I think your own message is also too extreme to be rational. So it seems to me that you are fighting fire with a fire. Yes, Remmelt has some extreme expressions, but you definitely have extreme expressions here too, while having even weaker arguments.
Could we find a golden middle road, a common ground, please? With more reflective thinking and with less focus on right and wrong?
I agree that Remmelt can improve the message. And I believe he will do that.
I may not agree that we are going to die with 99% probability. At the same time I find that his current directions are definitely worthwhile of exploring.
I also definitely respect Paul. But mentioning his name here is mostly irrelevant for my reasoning or for taking your arguments seriously, simply because I usually do not take authorities too seriously before I understand their reasoning in a particular question. And understanding a person’s reasoning may occasionally mean that I disagree in particular points as well. In my experience, even the most respectful people are still people, which means they often think in messy ways and they are good just on average, not per instance of a thought line (which may mean they are poor thinkers 99% of the time, while having really valuable thoughts 1% of the time). I do not know the distribution for Paul, but definitely I would not be disappointed if he makes mistakes sometimes.
I think this part of Remmelt’s response sums it up nicely: “When accusing someone of crankery (which is a big deal) it is important not to fall into making vague hand-wavey statements yourself. You are making vague hand-wavey (and also inaccurate) statements above. Insinuating that something is “science-babble” doesn’t do anything. Calling an essay formatted as shorter lines a “poem” doesn’t do anything.”

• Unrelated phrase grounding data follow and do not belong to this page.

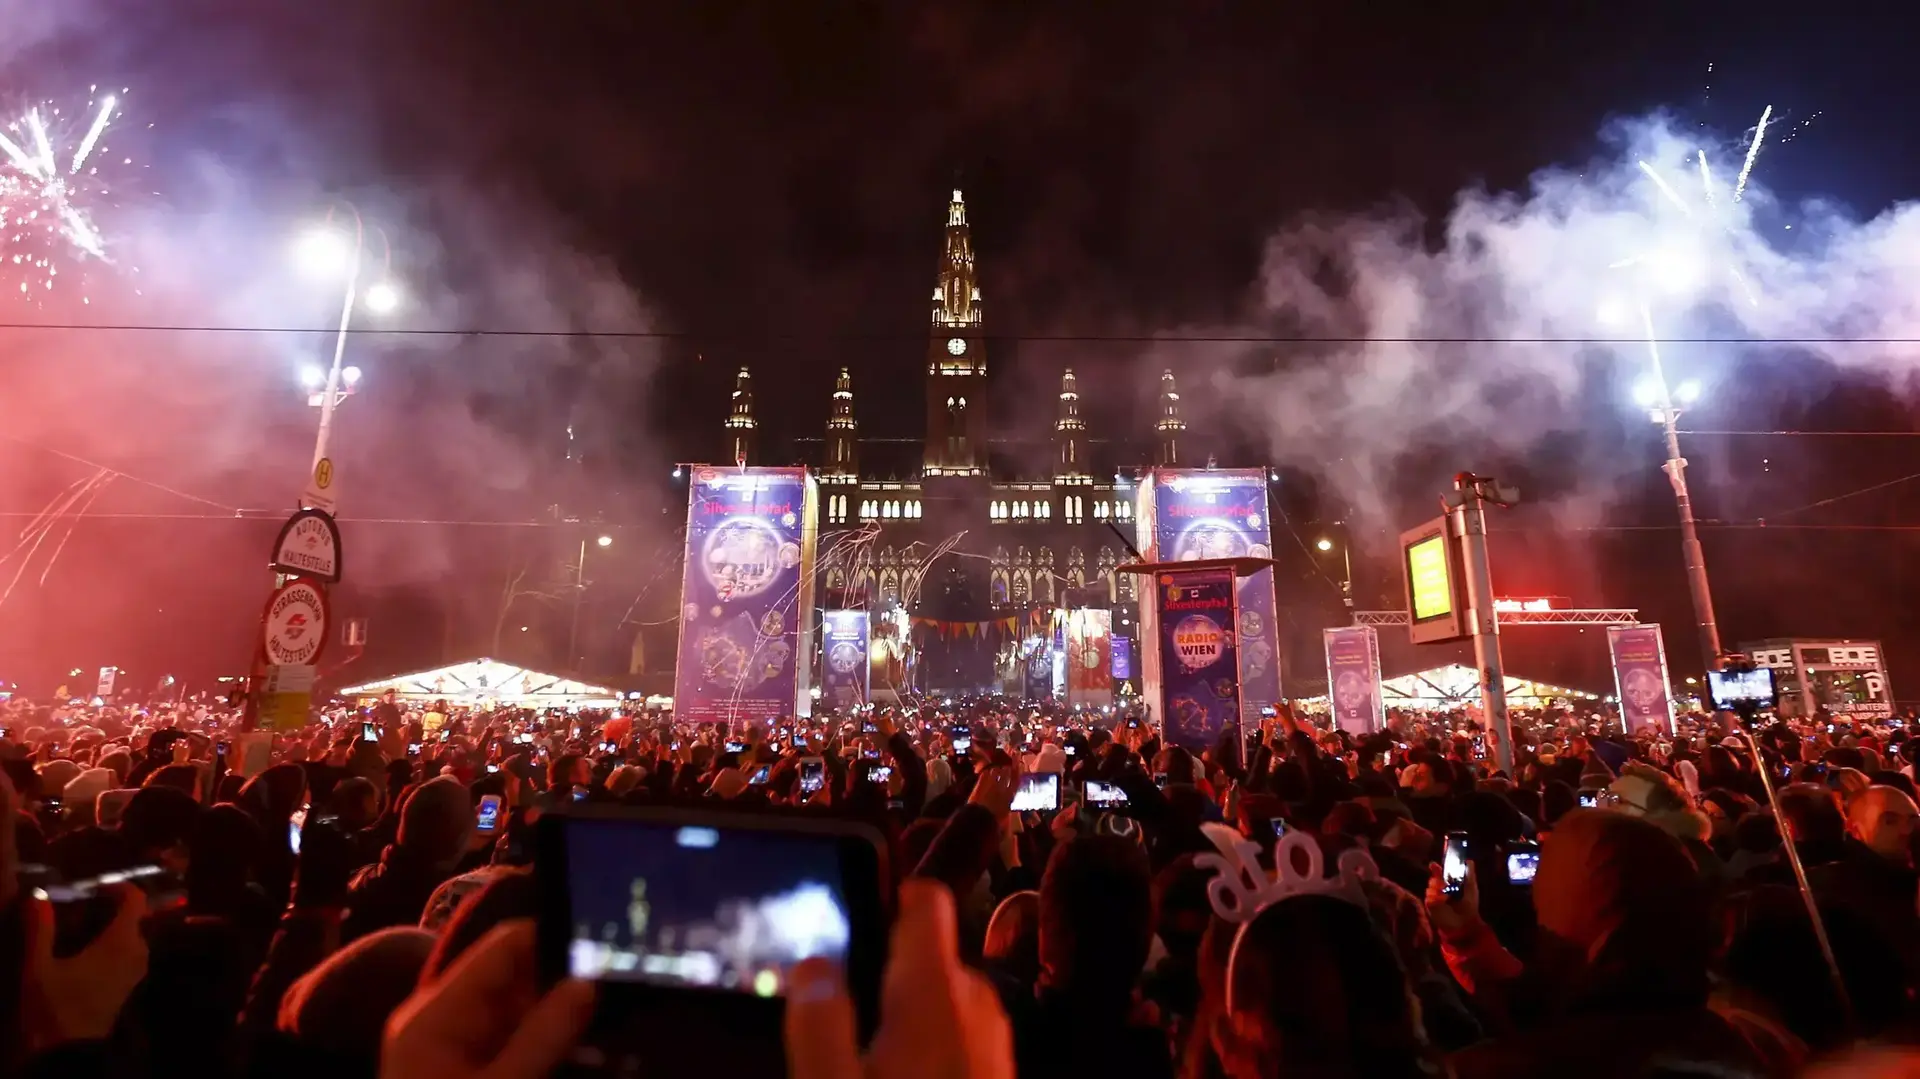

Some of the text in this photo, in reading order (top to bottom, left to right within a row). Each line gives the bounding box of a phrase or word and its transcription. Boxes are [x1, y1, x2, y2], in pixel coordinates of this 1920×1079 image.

[319, 463, 330, 484] H
[703, 500, 792, 515] Silvpfad
[1168, 503, 1255, 518] Silpfad
[297, 519, 331, 547] AUTOBUS
[284, 549, 332, 573] HALTESTELLE
[272, 588, 323, 622] STRASSENBAHN
[1177, 633, 1218, 644] RADIO
[269, 634, 316, 663] HALTESTELLE
[1181, 644, 1216, 656] WIEN
[1828, 646, 1877, 664] BOE

In my interpretation, black-and-white thinking is not “crankery”. It is a normal and essential step in the development of cognition about a particular problem. Unfortunately. There is research about that in the field of developmental and cognitive psychology. Hopefully that applies to your own black-and-white thinking as well. Note that, unfortunately this development is topic specific, not universal.

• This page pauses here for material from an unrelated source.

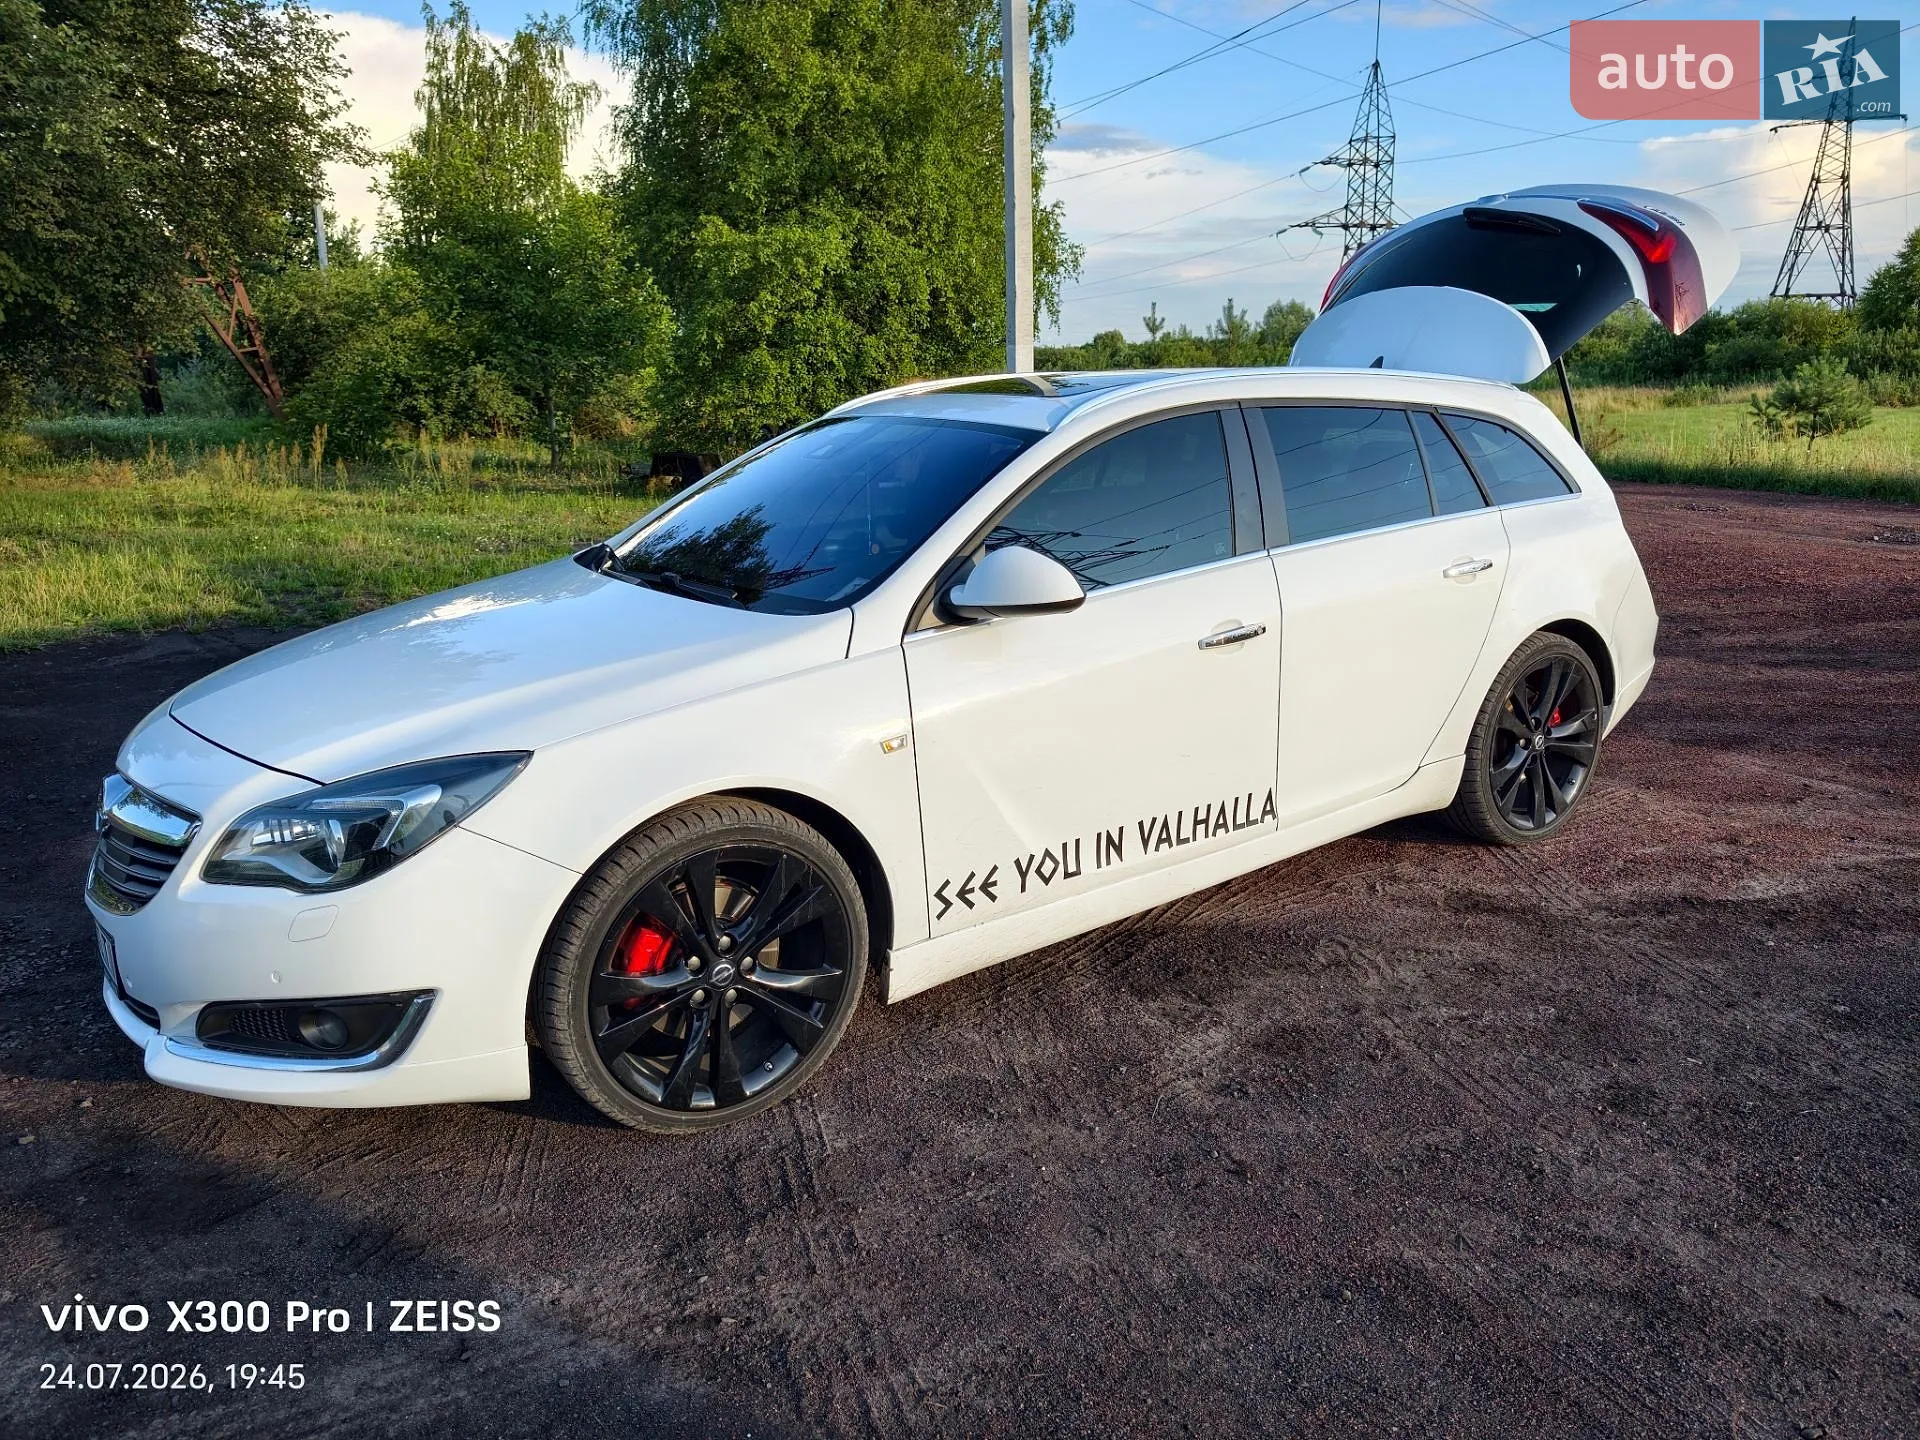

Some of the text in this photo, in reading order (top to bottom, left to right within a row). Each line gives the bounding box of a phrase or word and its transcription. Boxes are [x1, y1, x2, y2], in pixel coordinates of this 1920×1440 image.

[933, 787, 1277, 921] SEE YOU IN VALHALLA

In contrast, “crankery” is too strong word for describing black-and-white thinking because it is a very judgemental word, a complete dismissal, and essentially an expression of unwillingness to understand, an insult, not just a disagreement about a degree of the claims. Is labelling someone’s thoughts as “a crankery” also a form of crankery of its own then? Paradoxical isn’t it?

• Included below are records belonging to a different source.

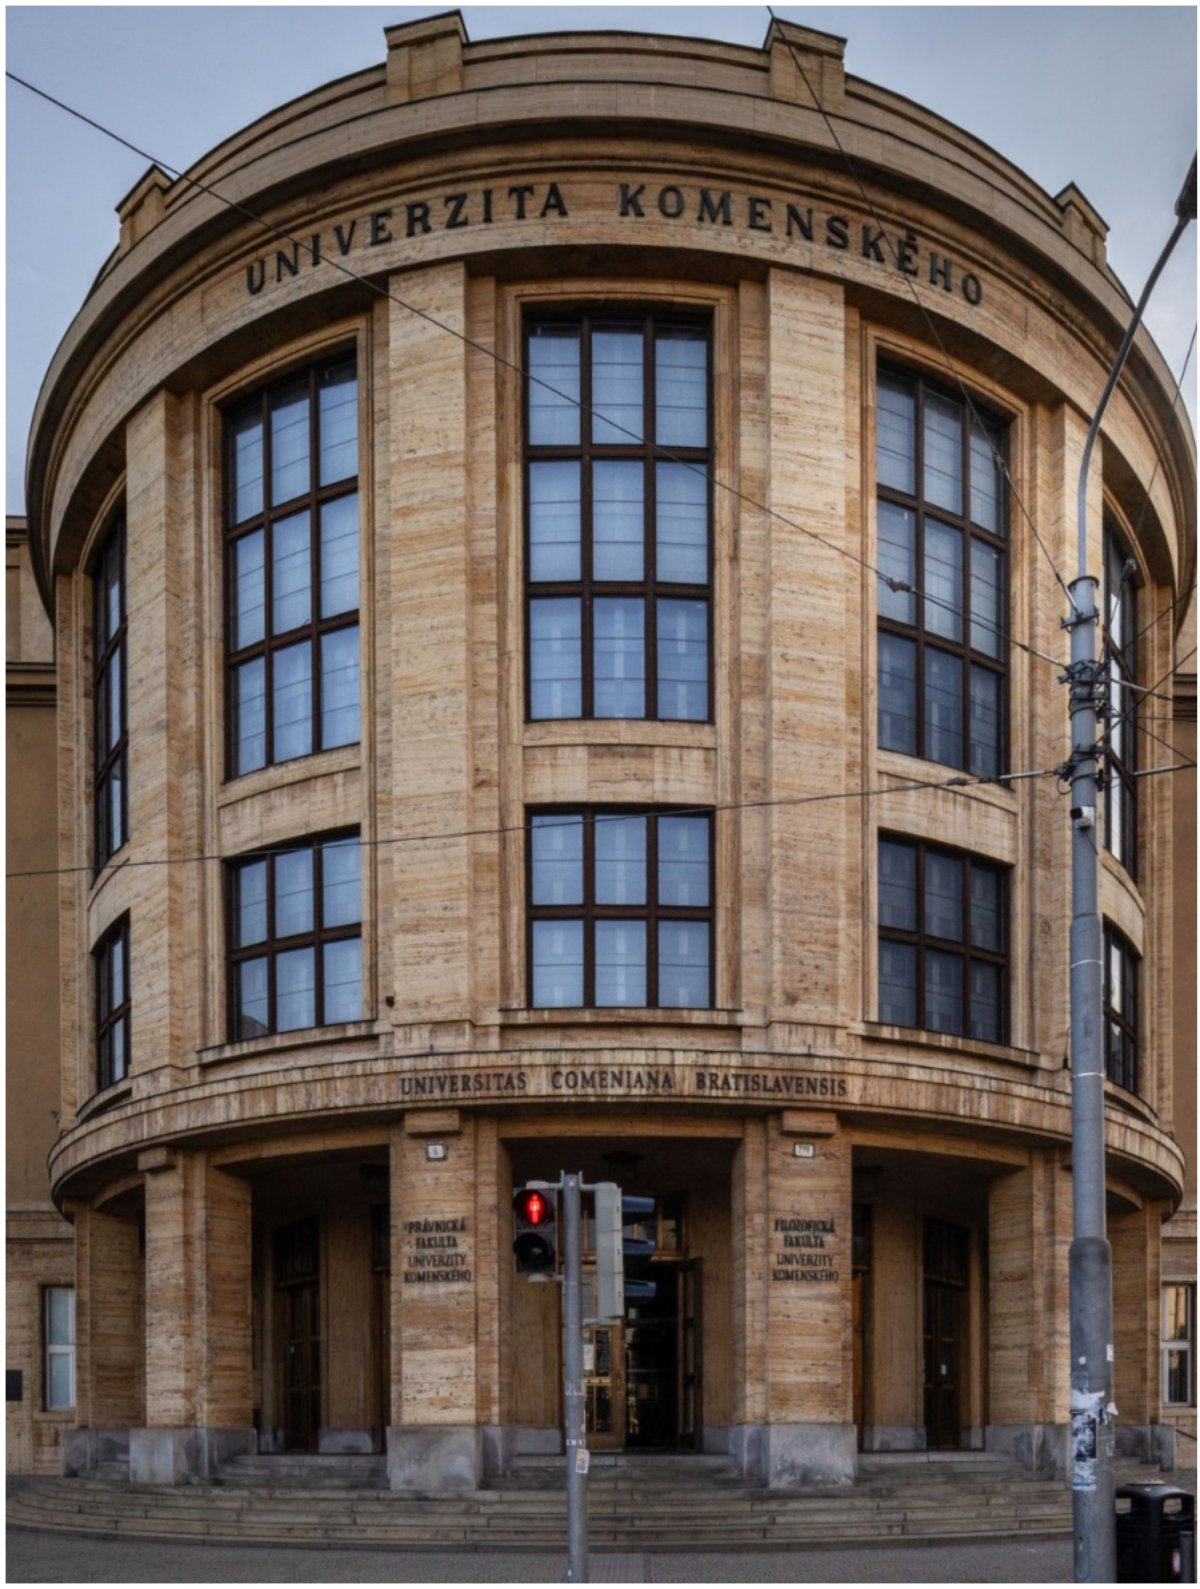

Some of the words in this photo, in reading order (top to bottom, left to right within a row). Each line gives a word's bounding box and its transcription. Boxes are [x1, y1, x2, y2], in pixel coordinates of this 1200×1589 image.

[245, 183, 568, 294] UNIVERZITA
[618, 183, 983, 306] KOMENSKÉHO
[400, 1072, 527, 1095] UNIVERSITAS
[551, 1070, 673, 1090] COMENIANA
[696, 1072, 847, 1096] BRATISLAVENSIS
[408, 1217, 467, 1234] PRÁVNICKÁ
[416, 1235, 458, 1249] FAKULTA
[783, 1234, 825, 1248] FAKULTA
[408, 1253, 467, 1268] UNIVERZITY
[777, 1253, 832, 1267] UNIVERZITY
[404, 1269, 471, 1283] KOMENSKÉHO

I usually do not take authorities too seriously before I understand their reasoning in a particular question. And understanding a person’s reasoning may occasionally mean that I disagree in particular points as well. In my experience, even the most respectful people are still people, which means they often think in messy ways and they are good just on average
Right – this comes back to actually examining people’s reasoning.
Relying on the authority status of an insider (who dismissed the argument) or on your ‘crank vibe’ of the outsider (who made the argument) is not a reliable way of checking whether a particular argument is good.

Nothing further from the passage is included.